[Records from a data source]
----------
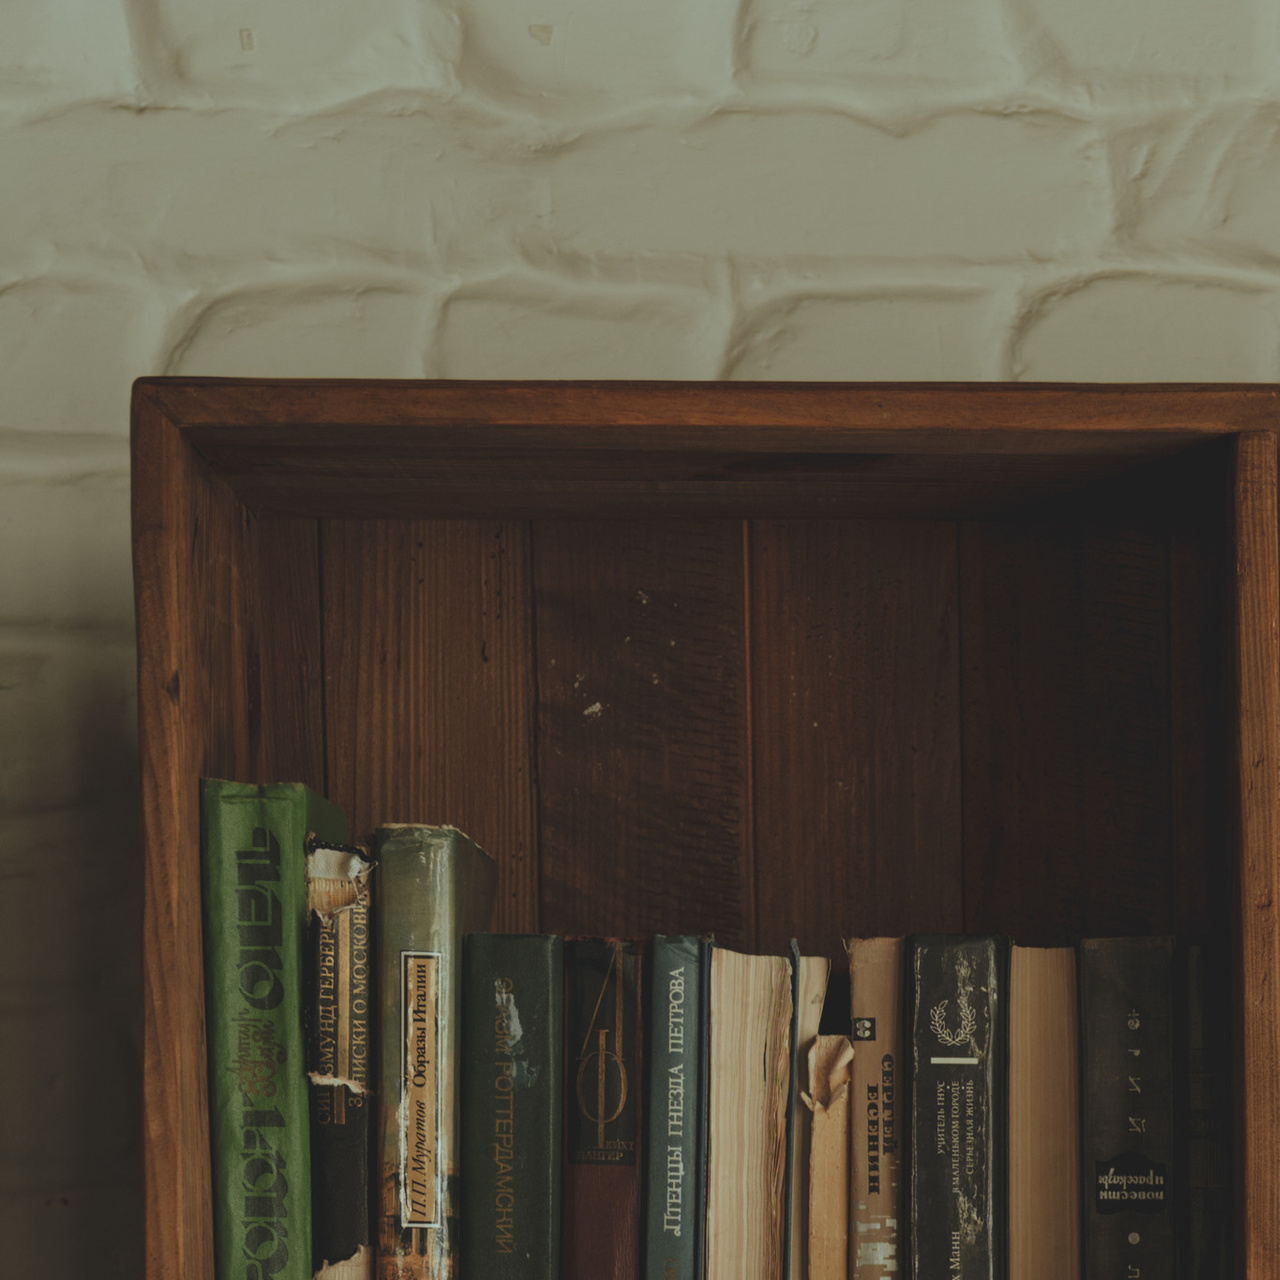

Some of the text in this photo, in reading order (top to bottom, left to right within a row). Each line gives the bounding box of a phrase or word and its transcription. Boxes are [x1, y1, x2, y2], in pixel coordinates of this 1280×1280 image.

[412, 963, 427, 1024] Италии
[668, 966, 685, 1055] ПЕТРОВА
[317, 1004, 337, 1125] СИГЗМУНД
[347, 1017, 367, 1108] ЗПИСКИ
[412, 1025, 430, 1089] Образы
[667, 1063, 685, 1138] ГНЕЗДА
[881, 1053, 899, 1156] СЕРГЕЙ
[936, 1080, 946, 1155] УЧИТЕЛЬ ГНУС
[951, 1080, 961, 1118] ГОРОДЕ
[965, 1079, 975, 1116] ЖИЗНЬ
[494, 1061, 517, 1254] РОТТЕРДАМСКИЙ
[866, 1082, 881, 1195] ЕСЕНИН
[951, 1119, 960, 1186] МАЛЕНЬКОМ
[1098, 1190, 1165, 1201] повести
[949, 1230, 961, 1270] Манн
----------
Without including any pictures, output each entry above exactly as it appears.

## WRITTEN RESPONSE
Some of the text in this photo, in reading order (top to bottom, left to right within a row). Each line gives the bounding box of a phrase or word and its transcription. Boxes are [x1, y1, x2, y2], in pixel coordinates of this 1280×1280 image.

[412, 963, 427, 1024] Италии
[668, 966, 685, 1055] ПЕТРОВА
[317, 1004, 337, 1125] СИГЗМУНД
[347, 1017, 367, 1108] ЗПИСКИ
[412, 1025, 430, 1089] Образы
[667, 1063, 685, 1138] ГНЕЗДА
[881, 1053, 899, 1156] СЕРГЕЙ
[936, 1080, 946, 1155] УЧИТЕЛЬ ГНУС
[951, 1080, 961, 1118] ГОРОДЕ
[965, 1079, 975, 1116] ЖИЗНЬ
[494, 1061, 517, 1254] РОТТЕРДАМСКИЙ
[866, 1082, 881, 1195] ЕСЕНИН
[951, 1119, 960, 1186] МАЛЕНЬКОМ
[1098, 1190, 1165, 1201] повести
[949, 1230, 961, 1270] Манн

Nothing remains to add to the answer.